All mixed infections with P. falciparum + P. vivax were treated with artemether+lumefantrine, given twice a day for 3 days. This treatment was followed by treatment with the standard dose of primaquine (0.25 mg/kg/day) for 28 days to treat hypnozoite stage of the P. vivax. Though the WHO has also recommended a higher dosage of primaquine (0.5 mg/kg/day) for 14 days, however, we used the standard dose for primaquine to minimize the side effect of hemolysis especially in patients with glucose-6-phosphate dehydrogenase (G6PD) deficiency. However, up to 20% of the mixed Plasmodium cases showed relapse of mixed Plasmodium infection 3–4 months after therapeutic/radical anti-malarial treatment with no travel history to the Indian sub-continent. A number of studies have reported in mixed malaria, an increase in relapse rates by P. vivax following treatment of P. falciparum [35]. Though, the most common cause of P. vivax relapse is poor adherence to treatment or inappropriate dose, however, failure in treatment due to impairment in CYP2D6 enzyme is also being investigated [36].

Studies are urgently needed to investigate the molecular basis of resistance of mixed Plasmodium infections in Kuwait and correlation with disease severity and outcome. Recently, a number of reports have documented an influx of diverse, drug resistant malaria cases in the neighboring countries of Qatar and Saudi Arabia [10, 33, 37]. Moreover, the ICMR-National Institute of Malaria Research (ICMR-NIMR) in India has recently reported drug resistant strains of P. falciparum, mainly from East and Northeast of India [17, 38].

Although autochthonous malaria cases have been reported from two GCC countries (Oman and Saudi Arabia) [79, 21], no autochthonous malaria cases have been detected in Kuwait so far. However, certain risk factors have emerged recently in and around the country which may endanger the present situation. These factors are: i) A change in the present ecological and meterological conditions due to an enthusiastic drive for making Kuwait green and extending plantations throughout country.

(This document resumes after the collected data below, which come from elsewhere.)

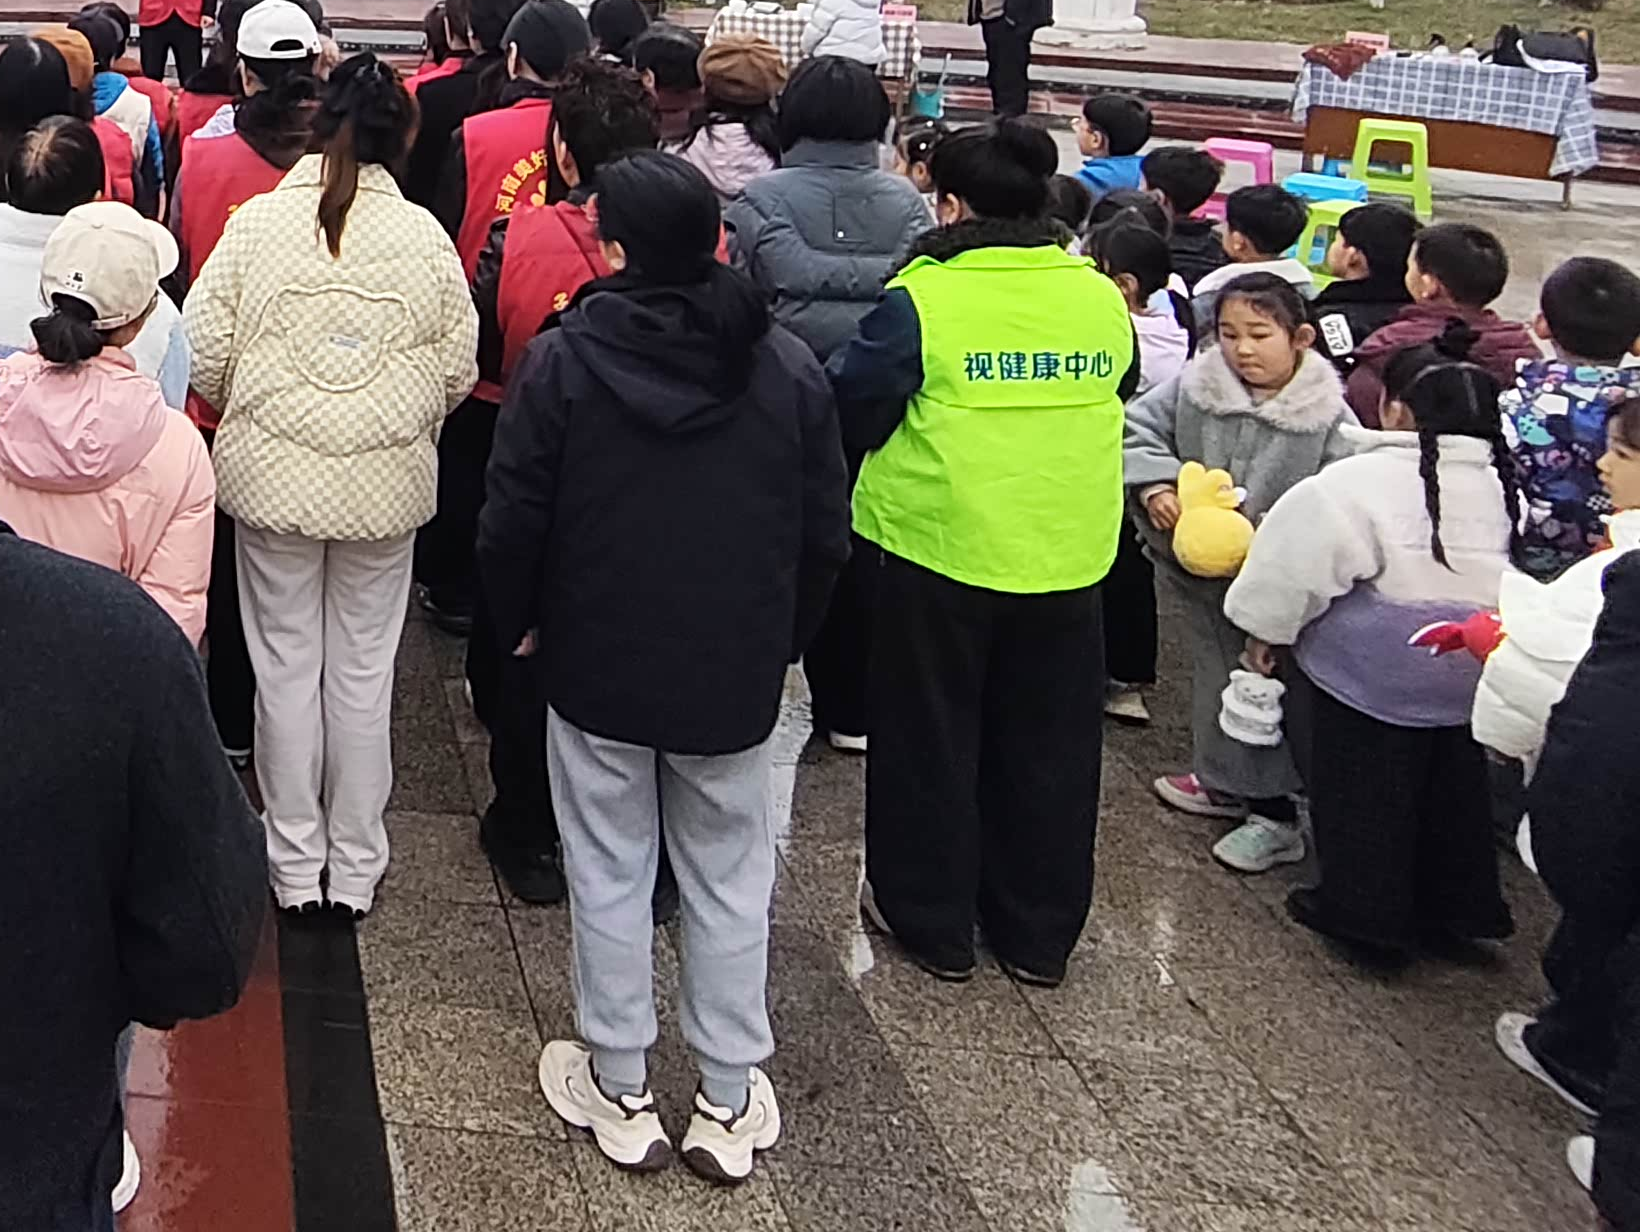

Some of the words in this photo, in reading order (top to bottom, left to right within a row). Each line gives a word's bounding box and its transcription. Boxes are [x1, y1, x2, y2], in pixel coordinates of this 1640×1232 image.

[963, 349, 1113, 381] 视健康中心
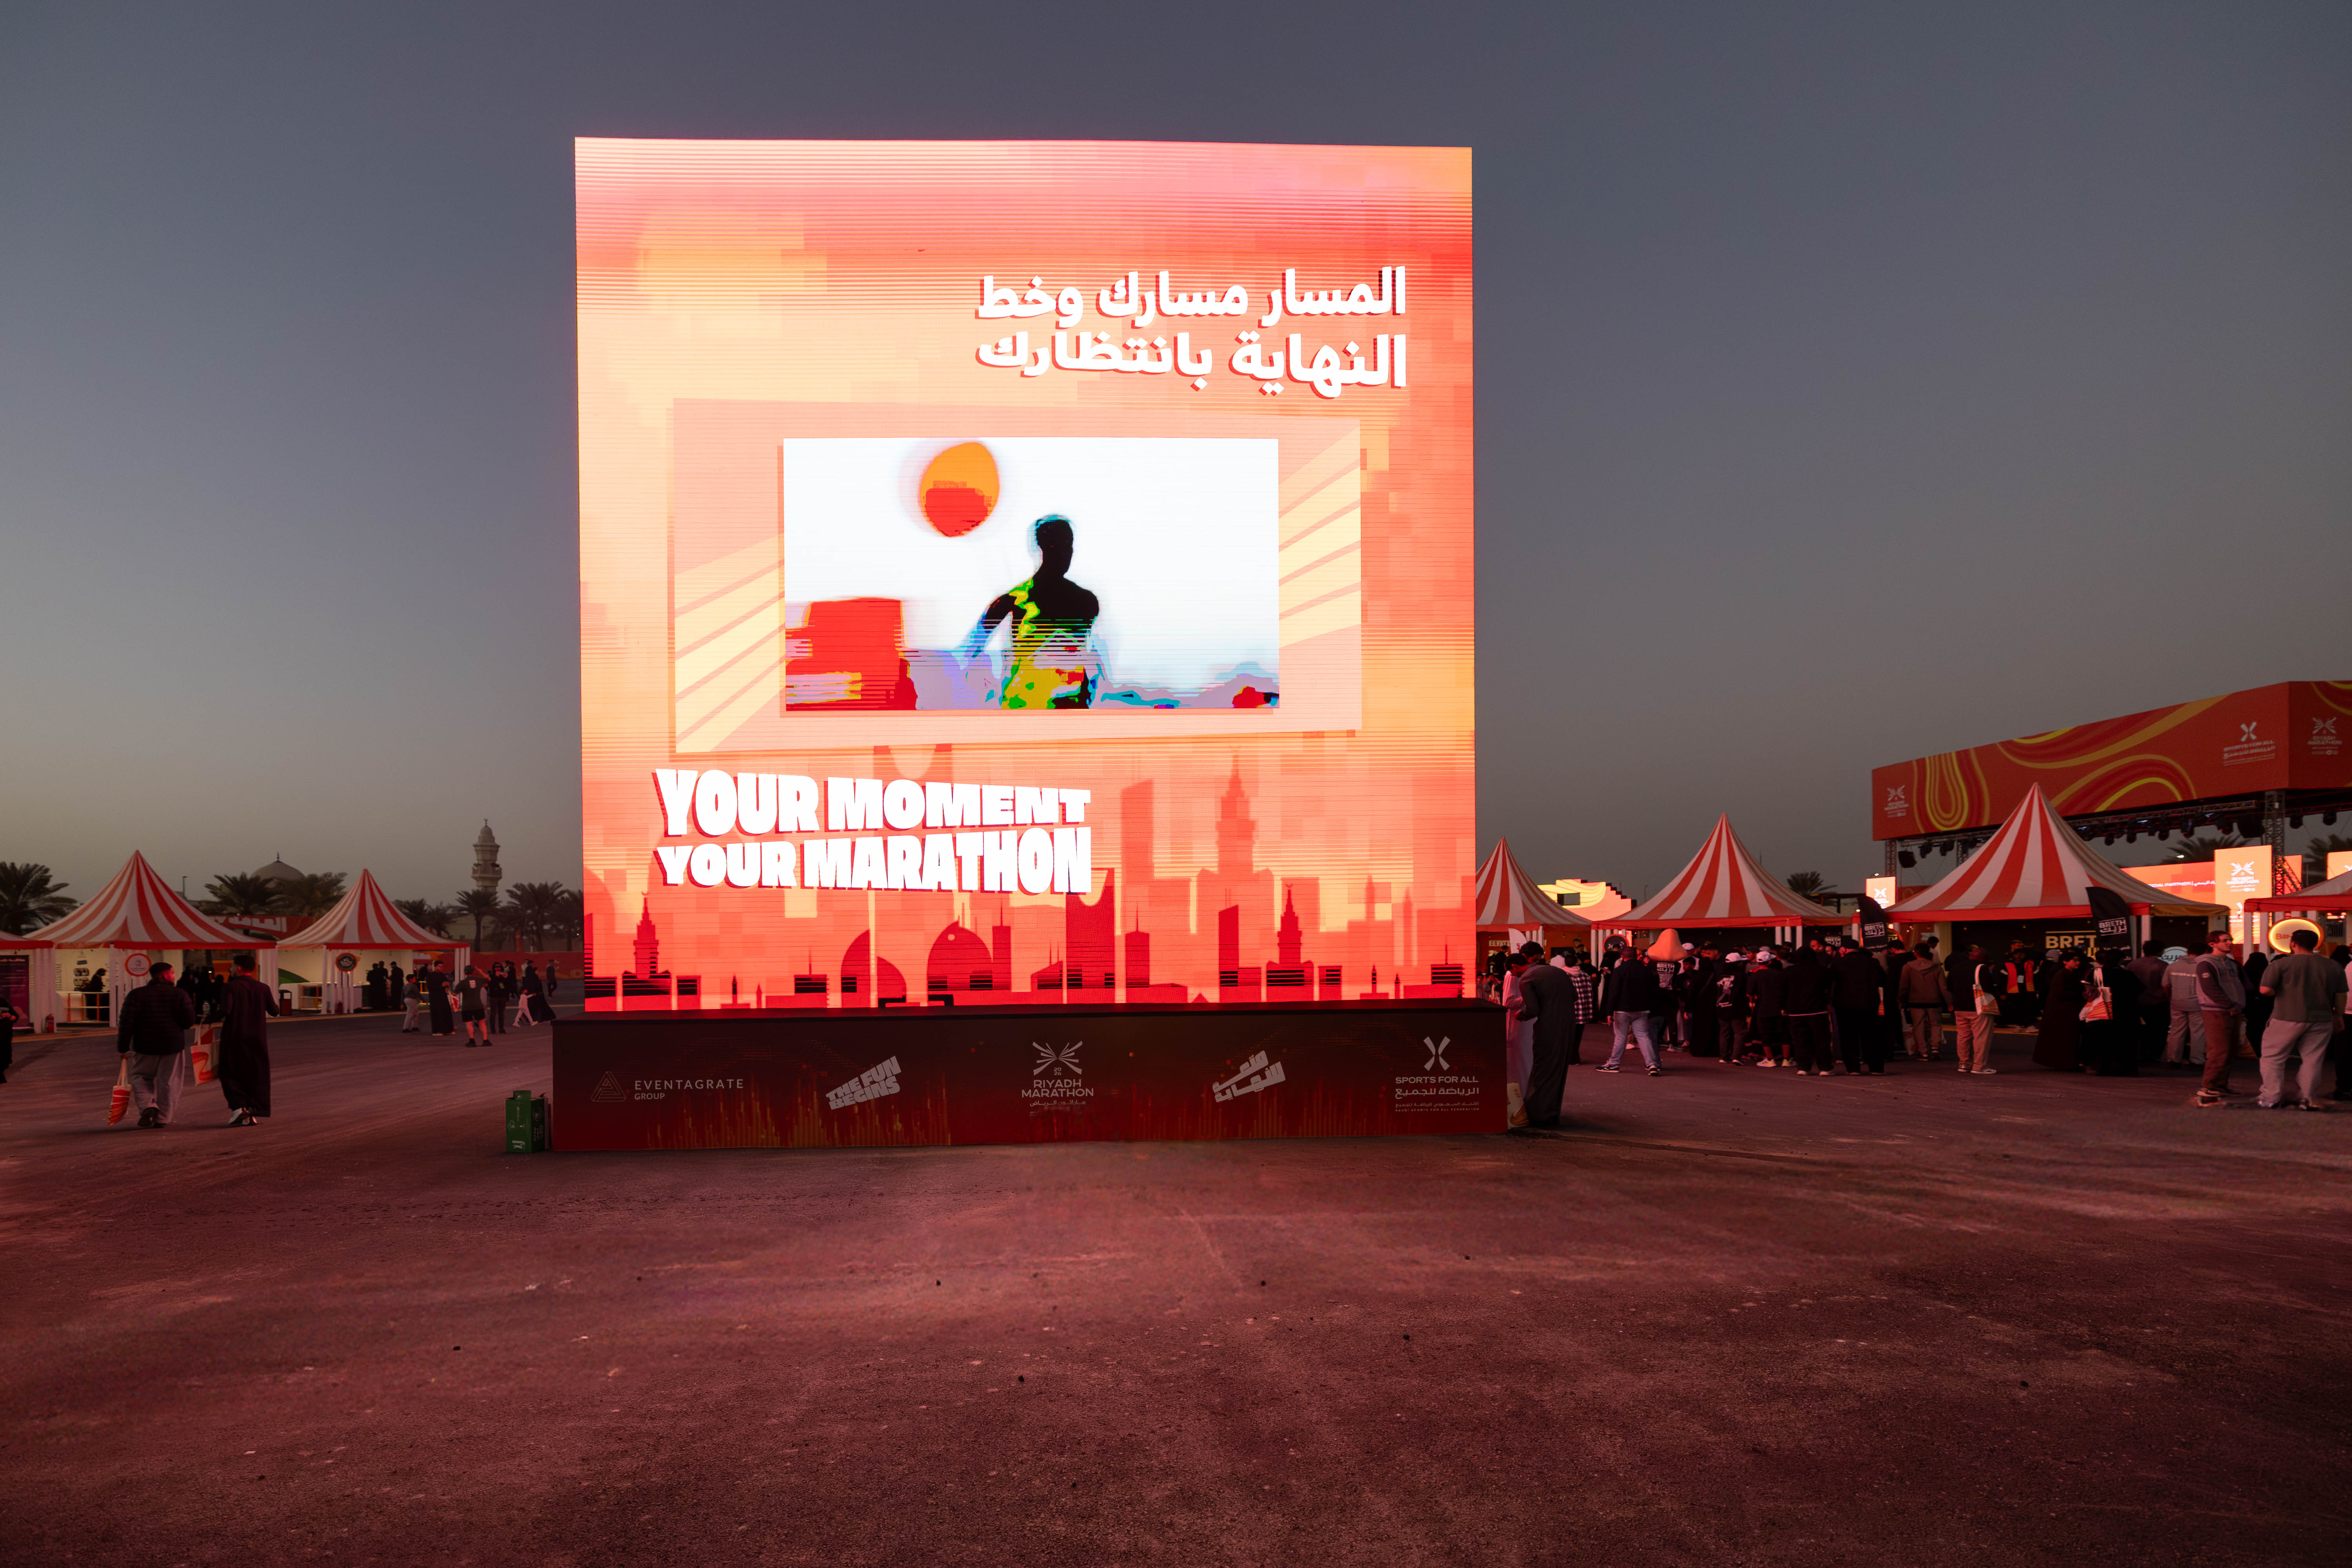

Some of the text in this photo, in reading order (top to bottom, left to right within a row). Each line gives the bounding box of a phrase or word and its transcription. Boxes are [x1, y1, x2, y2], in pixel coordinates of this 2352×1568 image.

[975, 266, 1406, 328] المسار مسارك وخط
[976, 330, 1407, 398] النهاية بانتظارك
[654, 768, 1091, 837] YOUR MOMENT
[656, 827, 1091, 895] YOUR MARATHON
[2098, 919, 2126, 928] BRETH
[2045, 935, 2097, 949] BRET
[635, 1079, 744, 1090] EVENTAGRATE
[826, 1056, 901, 1101] THE FUN
[1034, 1079, 1082, 1088] RIYADH
[829, 1076, 900, 1110] BEGINS
[1022, 1088, 1094, 1098] MARATHON
[1395, 1087, 1479, 1100] الرياضة للجميع

Presently the larval density levels of A. stephensi and A. pulcherrimus are well below the threshold for transmission due to arid conditions. ii) the extensive use of water for agricultural irrigation and domestic purposes, iii) recent reports of imported drug resistant malaria cases in the neighboring country, Qatar [33]. A significant change in the drug sensitivity pattern of P. falciparum isolates from these countries and this report of imported mixed Plasmodium infections from India will have an important impact on the future therapeutic, as well as prophylactic policies for P. falciparum infection in Kuwait.

In summary, this study confirms that the proactive preventive program has been successful in reducing the incidence of imported malaria infections in Kuwait and has now shifted the burden of malaria cases towards returning expatriate residents, who are now regarded as the high-risk group for acquisition of travel-associated malaria. This group is now being targeted for prevention strategies such as education and information on various preventive measures before their travel to endemic countries. The most striking finding of this study was prevalence of mixed infections with both P. falciparum and P. vivax (72.3%) with almost all (97%) cases involving migrant workers from India. This observation needs to be followed up with more detailed comparative analysis of various diagnostic tests at the Malaria Center, Infectious Disease Hospital, Kuwait and recording of comprehensive demographic data, especially the location/area of residence of the incoming expatriate population to follow up the recent update of malaria incidence infection of that location. In addition, up to 20% of the mixed Plasmodium cases showed recrudescence of mixed Plasmodium infection 3–4 months after therapeutic and radical anti-malarial treatment. A significant change in the drug sensitivity pattern of P. falciparum isolates from these countries and the finding of imported mixed Plasmodium infections from India will have an important impact on the future therapeutic, as well as prophylactic policies for P. falciparum infections in Kuwait.

Acknowledgments

We would like to thank Dr. Mamoun Al-Qaseer and Dr. Ali Sher for sharing their epidemiological data on malaria cases at the Malaria Reference Laboratory, Infection Diseases Hospital, Ministry of Health, Kuwait.